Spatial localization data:
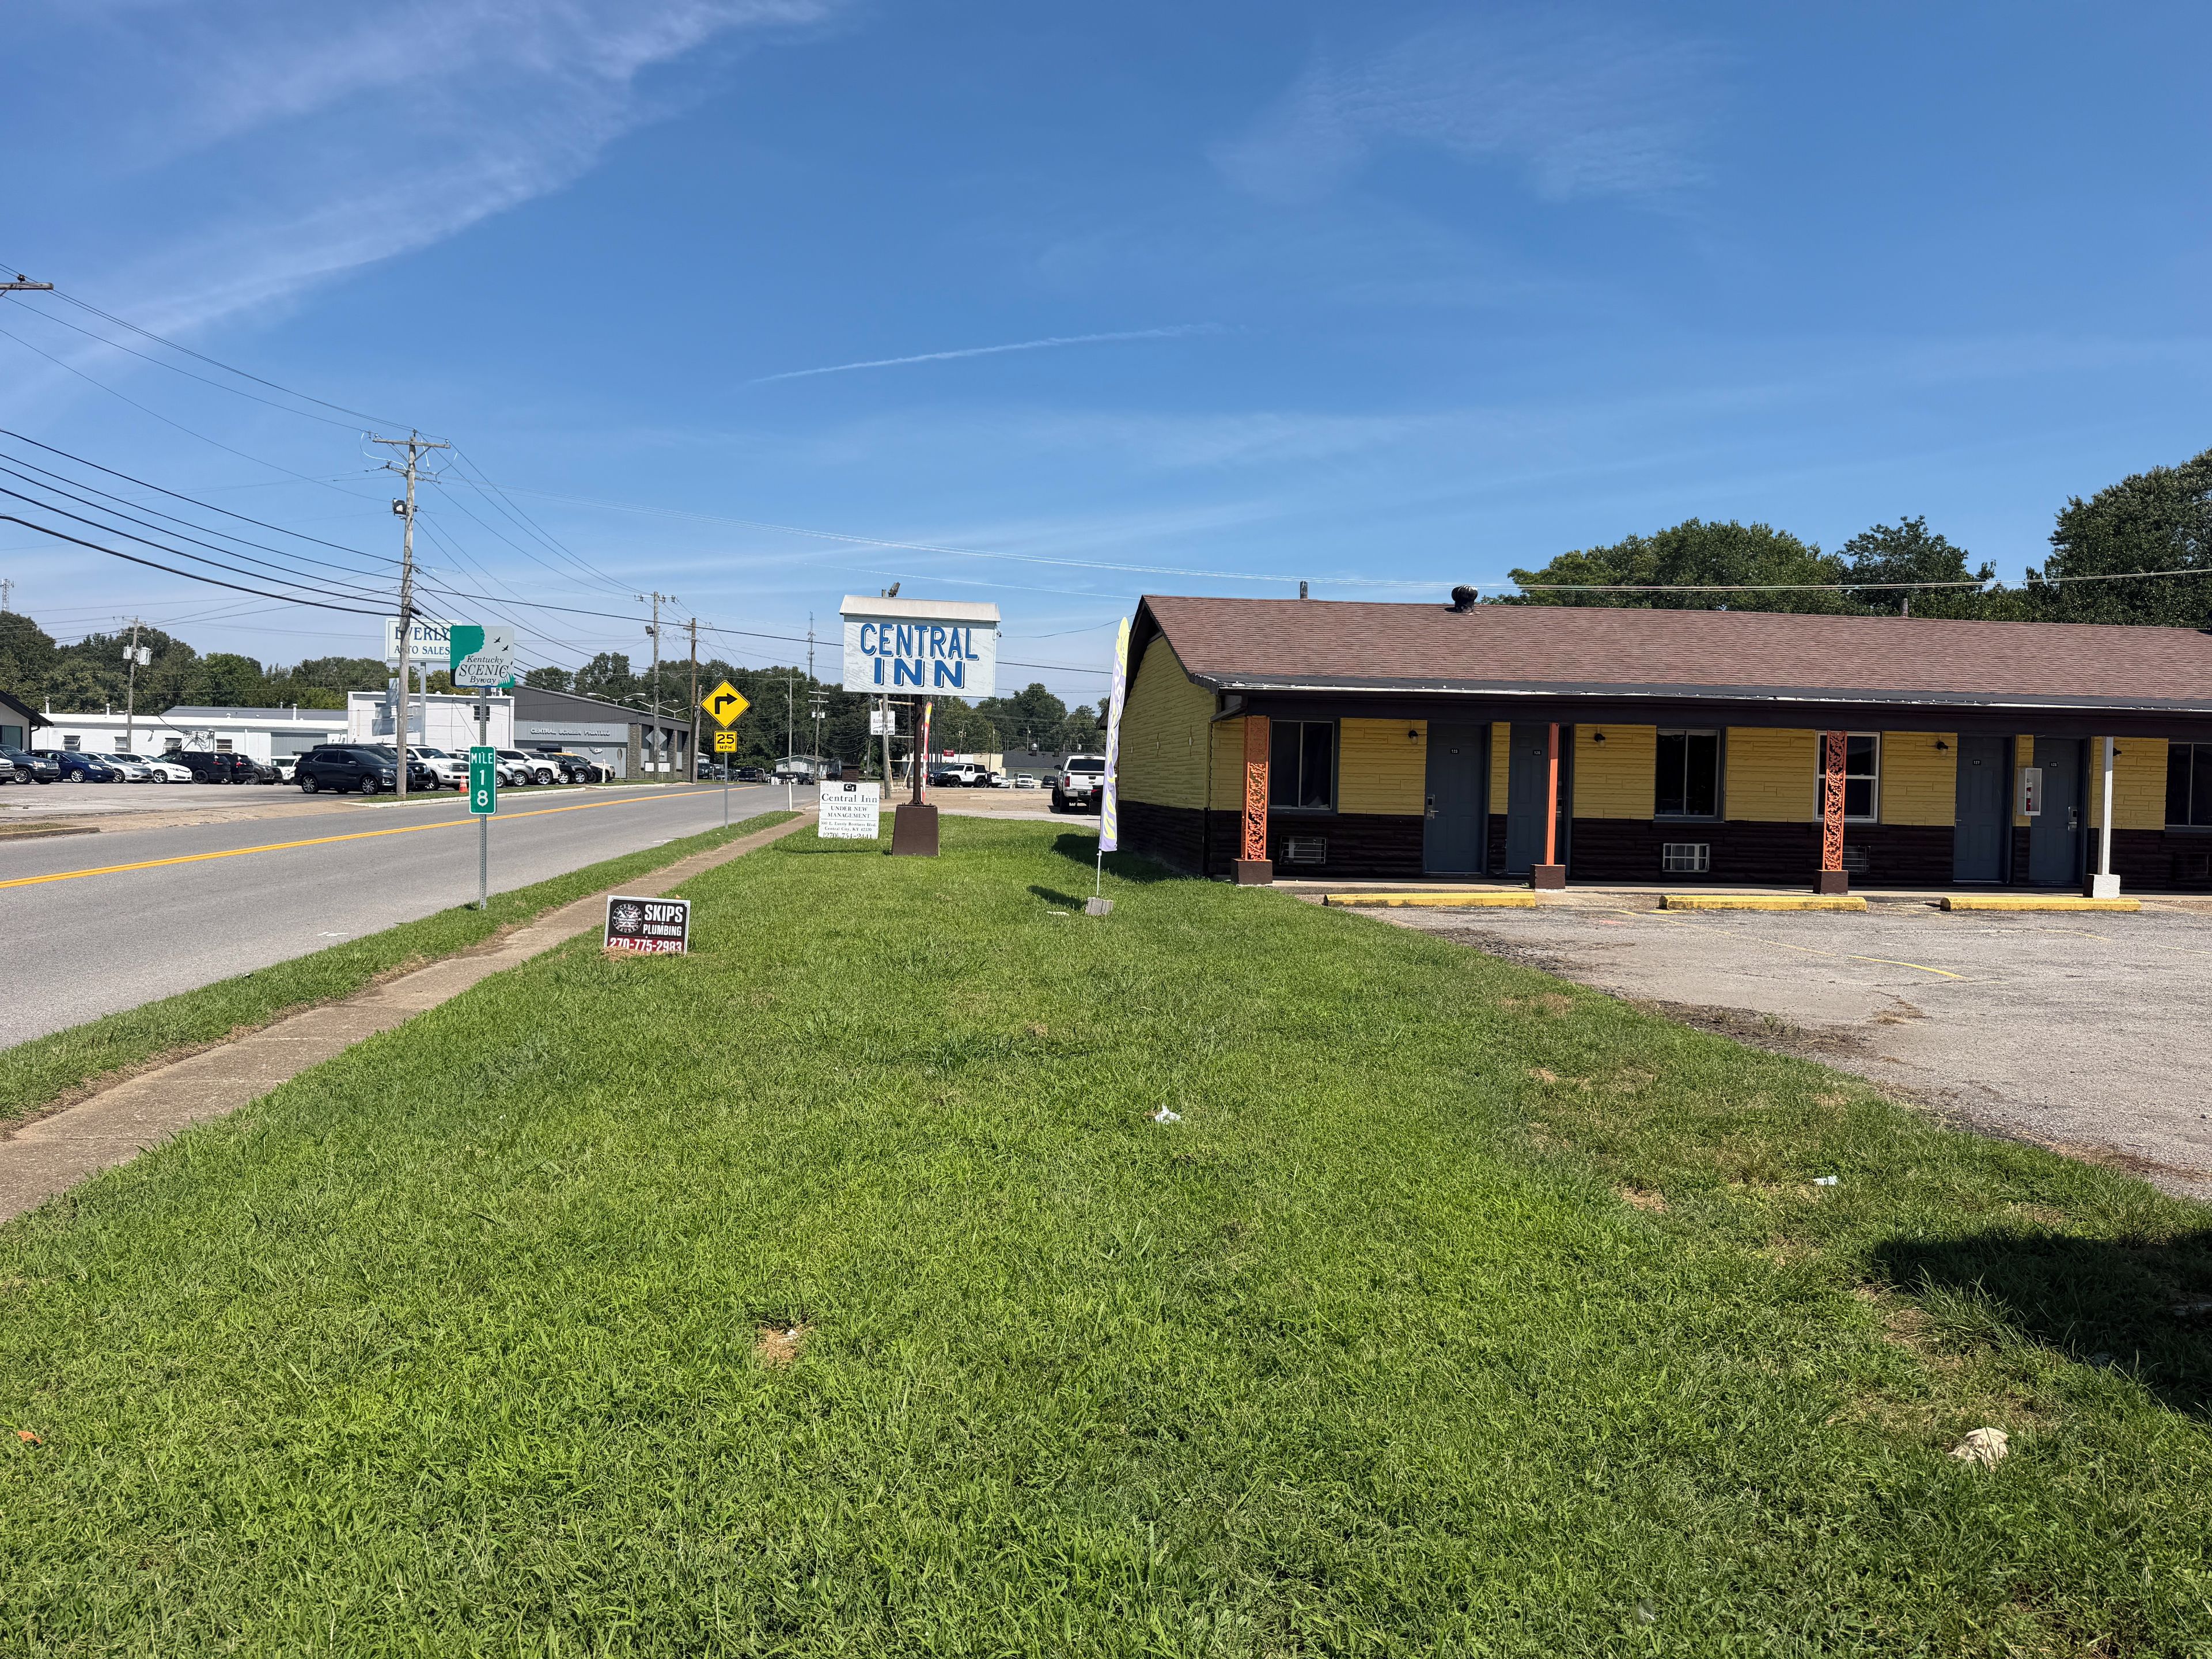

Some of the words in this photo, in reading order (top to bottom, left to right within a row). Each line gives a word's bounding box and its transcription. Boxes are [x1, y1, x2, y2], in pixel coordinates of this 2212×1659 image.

[860, 623, 979, 661] CENTRAL
[422, 646, 450, 655] SALES
[467, 655, 503, 664] Kentucky
[459, 664, 509, 678] SCENIC
[874, 657, 965, 689] INN
[470, 676, 496, 684] Byway
[717, 734, 734, 744] 25
[471, 752, 493, 764] MILE
[479, 770, 484, 785] 1
[477, 790, 488, 806] 8
[821, 793, 857, 802] Central
[644, 904, 684, 923] SKIPS
[643, 924, 682, 936] PLUMBING
[609, 937, 682, 952] 270-775-2983

WHAT THIS TASK INVOLVES — Would you copy out every line of the data above exactly, minus the pictures?

REPLY —
Some of the words in this photo, in reading order (top to bottom, left to right within a row). Each line gives a word's bounding box and its transcription. Boxes are [x1, y1, x2, y2], in pixel coordinates of this 2212×1659 image.

[860, 623, 979, 661] CENTRAL
[422, 646, 450, 655] SALES
[467, 655, 503, 664] Kentucky
[459, 664, 509, 678] SCENIC
[874, 657, 965, 689] INN
[470, 676, 496, 684] Byway
[717, 734, 734, 744] 25
[471, 752, 493, 764] MILE
[479, 770, 484, 785] 1
[477, 790, 488, 806] 8
[821, 793, 857, 802] Central
[644, 904, 684, 923] SKIPS
[643, 924, 682, 936] PLUMBING
[609, 937, 682, 952] 270-775-2983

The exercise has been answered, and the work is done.